What Jim refers to as "that sound," the atmospheric hum of the 80s television, is also, importantly, an example of a phenomenon produced by a very historically specific technology, a particular type of television that is no longer with us very much in 2020. This makes Vox not just a record of feelings, but also a record, or perhaps a history, of technology. I feel like this is a Fredric Jameson kind of point to make: this novel historicises its affects by anchoring them to their specific technological conditions and enablers. It is a history of the technology of desire.

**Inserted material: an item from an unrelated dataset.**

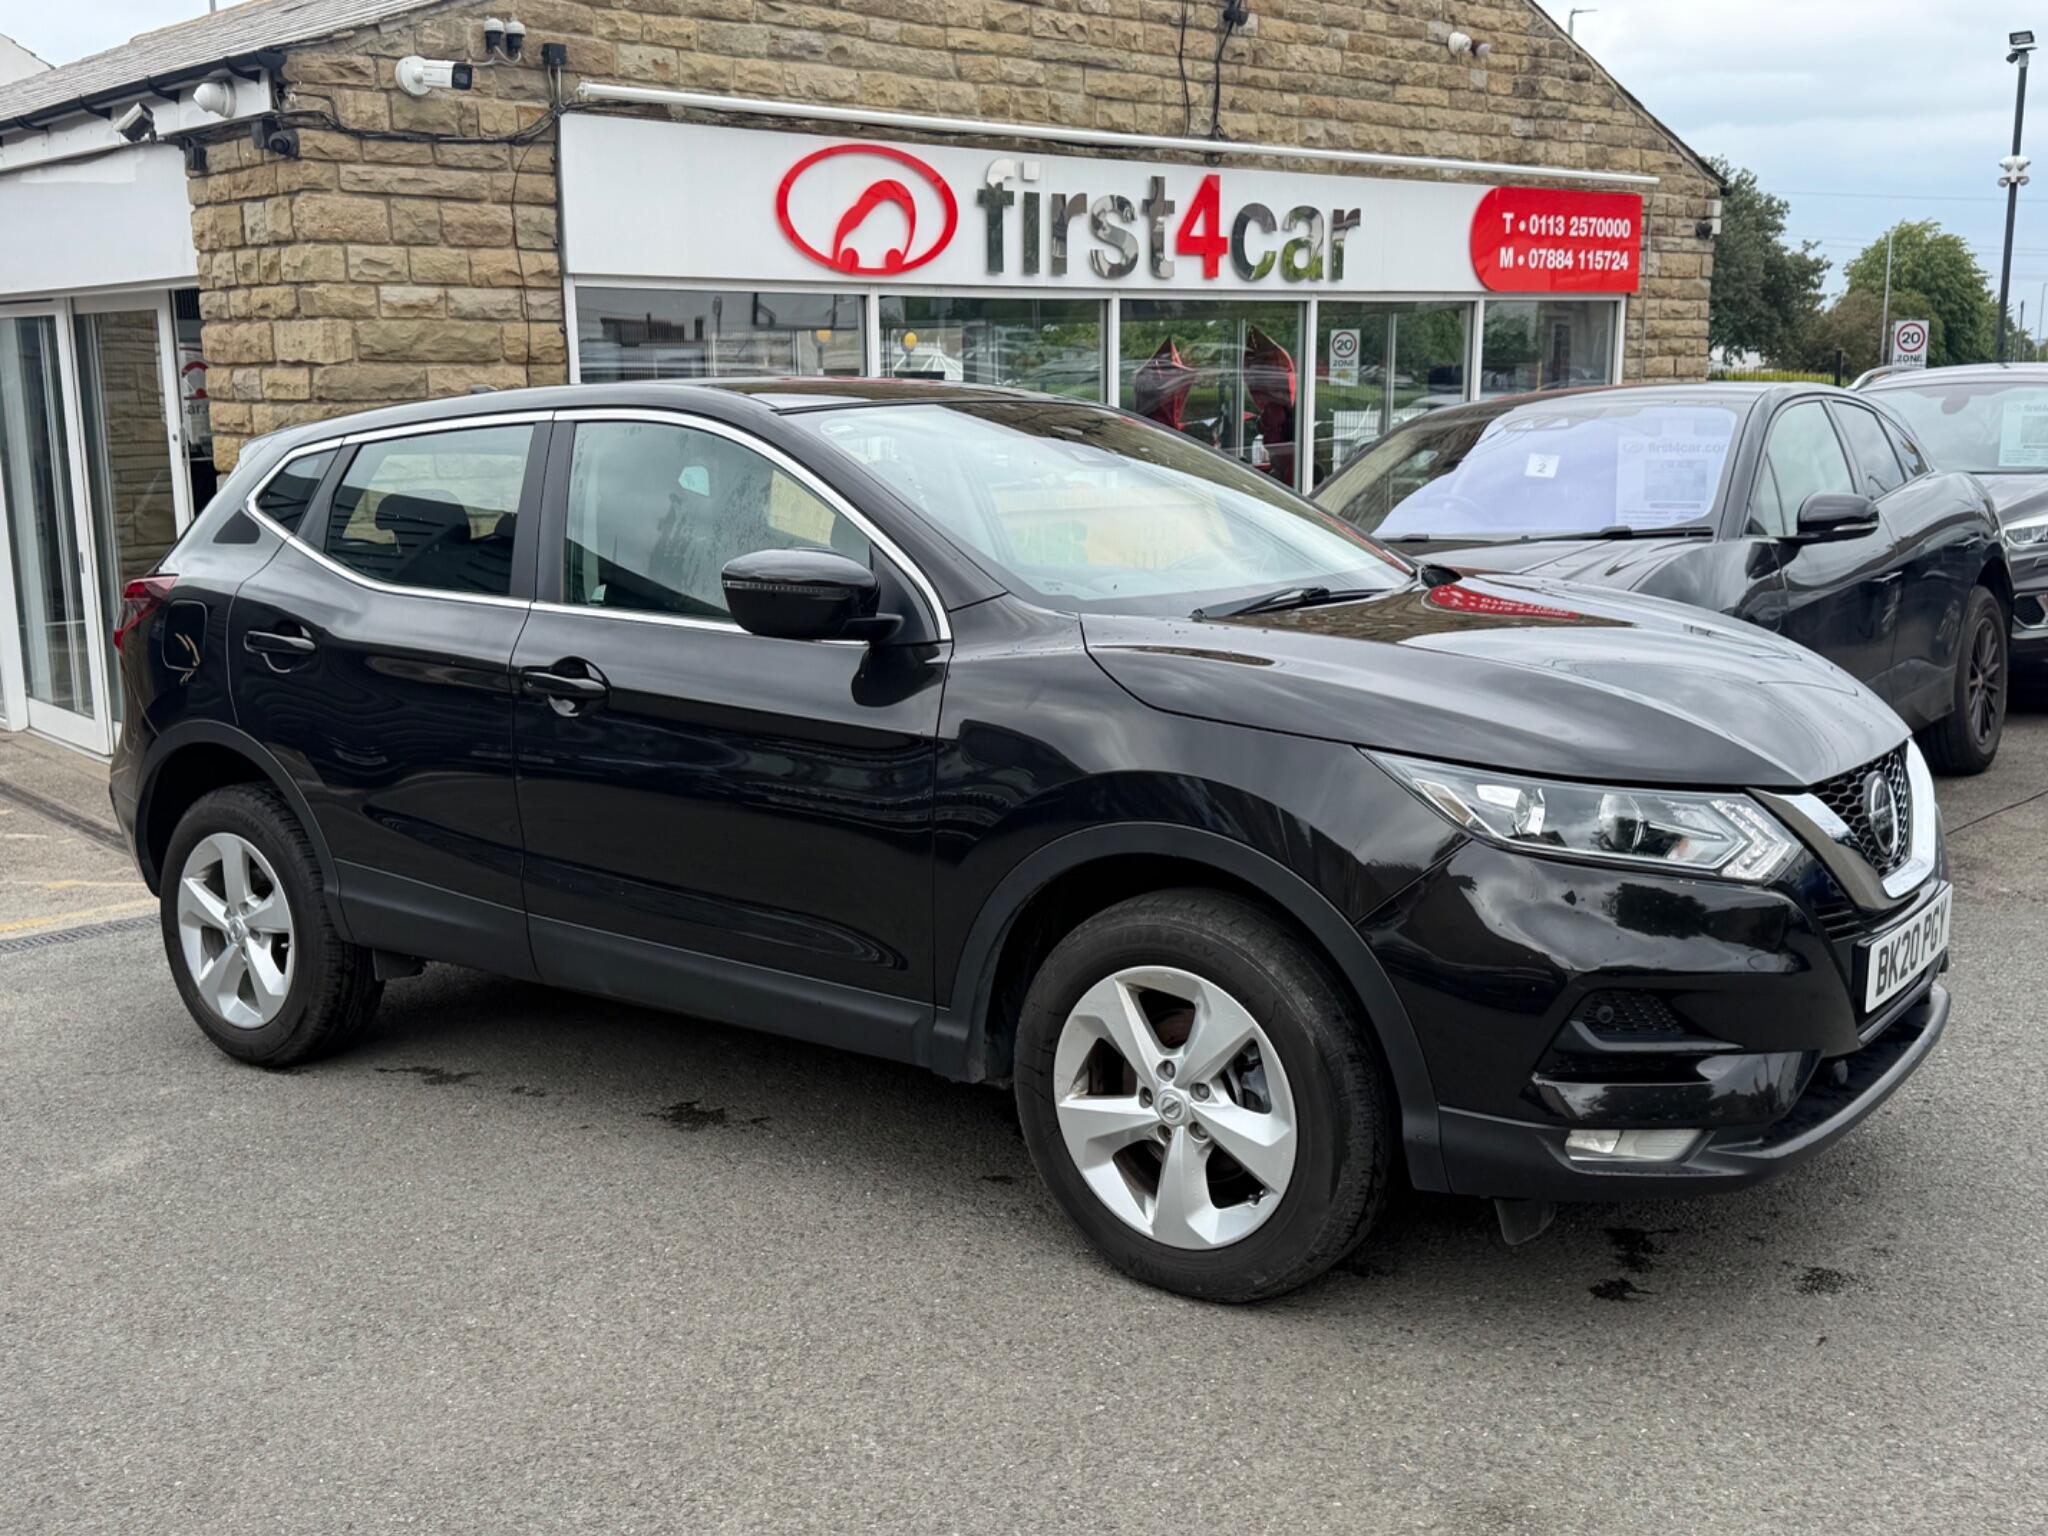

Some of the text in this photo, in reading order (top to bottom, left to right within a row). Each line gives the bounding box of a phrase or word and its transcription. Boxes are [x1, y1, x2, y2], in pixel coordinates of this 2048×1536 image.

On the final page, when Jim and Abby are considering exchanging their actual phone numbers, Abby says "Let me absorb the strangeness," which is a very richly loaded metatextual point with which to finish up (169). Strangeness connotes to me the concept of 'estrangement,' the Russian formalist process of defamiliarisation that arguably constitutes the fundamental impetus of all poetry: things that are familiar are made strange again purely by the energy that an aesthetic discourse brings to them by the attention and power of its description. Abby is literally describing simply the strangeness of this very long telephone call, but it makes sense to me that this strangeness could be cashed out as a kind of defamiliarisation, a breaking down of social conventions as well as an exchange of entirely alien private fantasies about shared features of public life. Jim and Abby both engage in highly aesthetic acts of erotically charged description (and the erotism perhaps simply serves to render obvious and comprehensible the aforementioned energy that aesthetic discourse possesses and which is being represented in the novel) and in the course of doing so they defamiliarise the stereo, the television, and the telephone, all of which become strange handmaidens to their desire. However, a moment later Abby changes her mind a little and says "I guess nothing," in response to Jim asking what is strange about the situation (169). This is like the revelation that, while desire and technology are both historically delimited phenomena, there is a persistent, and familiar, underlying force, perhaps the body itself and its drives, both erotic and aesthetic, that will always be engaged in this strange dialectic with technology, that will always be willing to fall in love with a stranger over the telephone.